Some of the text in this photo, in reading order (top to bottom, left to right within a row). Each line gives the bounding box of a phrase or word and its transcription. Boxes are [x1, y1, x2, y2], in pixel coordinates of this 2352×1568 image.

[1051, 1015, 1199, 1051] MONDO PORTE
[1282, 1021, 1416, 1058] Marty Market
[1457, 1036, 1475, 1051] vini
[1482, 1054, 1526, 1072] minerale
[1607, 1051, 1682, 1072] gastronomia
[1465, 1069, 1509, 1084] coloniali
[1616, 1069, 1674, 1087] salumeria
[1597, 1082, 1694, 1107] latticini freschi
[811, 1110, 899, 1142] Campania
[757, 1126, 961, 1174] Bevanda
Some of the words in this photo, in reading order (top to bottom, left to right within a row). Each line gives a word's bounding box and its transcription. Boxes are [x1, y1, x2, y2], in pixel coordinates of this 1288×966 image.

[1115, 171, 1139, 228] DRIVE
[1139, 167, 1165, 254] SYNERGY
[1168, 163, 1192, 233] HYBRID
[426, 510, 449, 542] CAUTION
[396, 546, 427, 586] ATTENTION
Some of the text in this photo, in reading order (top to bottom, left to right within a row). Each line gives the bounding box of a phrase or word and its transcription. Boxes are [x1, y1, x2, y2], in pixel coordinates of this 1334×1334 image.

----

Task instructions | Write out the data a second time, exactly the same.

Written answer |
Some of the text in this photo, in reading order (top to bottom, left to right within a row). Each line gives the bounding box of a phrase or word and its transcription. Boxes are [x1, y1, x2, y2], in pixel coordinates of this 2352×1568 image.

[1051, 1015, 1199, 1051] MONDO PORTE
[1282, 1021, 1416, 1058] Marty Market
[1457, 1036, 1475, 1051] vini
[1482, 1054, 1526, 1072] minerale
[1607, 1051, 1682, 1072] gastronomia
[1465, 1069, 1509, 1084] coloniali
[1616, 1069, 1674, 1087] salumeria
[1597, 1082, 1694, 1107] latticini freschi
[811, 1110, 899, 1142] Campania
[757, 1126, 961, 1174] Bevanda
Some of the words in this photo, in reading order (top to bottom, left to right within a row). Each line gives a word's bounding box and its transcription. Boxes are [x1, y1, x2, y2], in pixel coordinates of this 1288×966 image.

[1115, 171, 1139, 228] DRIVE
[1139, 167, 1165, 254] SYNERGY
[1168, 163, 1192, 233] HYBRID
[426, 510, 449, 542] CAUTION
[396, 546, 427, 586] ATTENTION
Some of the text in this photo, in reading order (top to bottom, left to right within a row). Each line gives the bounding box of a phrase or word and its transcription. Boxes are [x1, y1, x2, y2], in pixel coordinates of this 1334×1334 image.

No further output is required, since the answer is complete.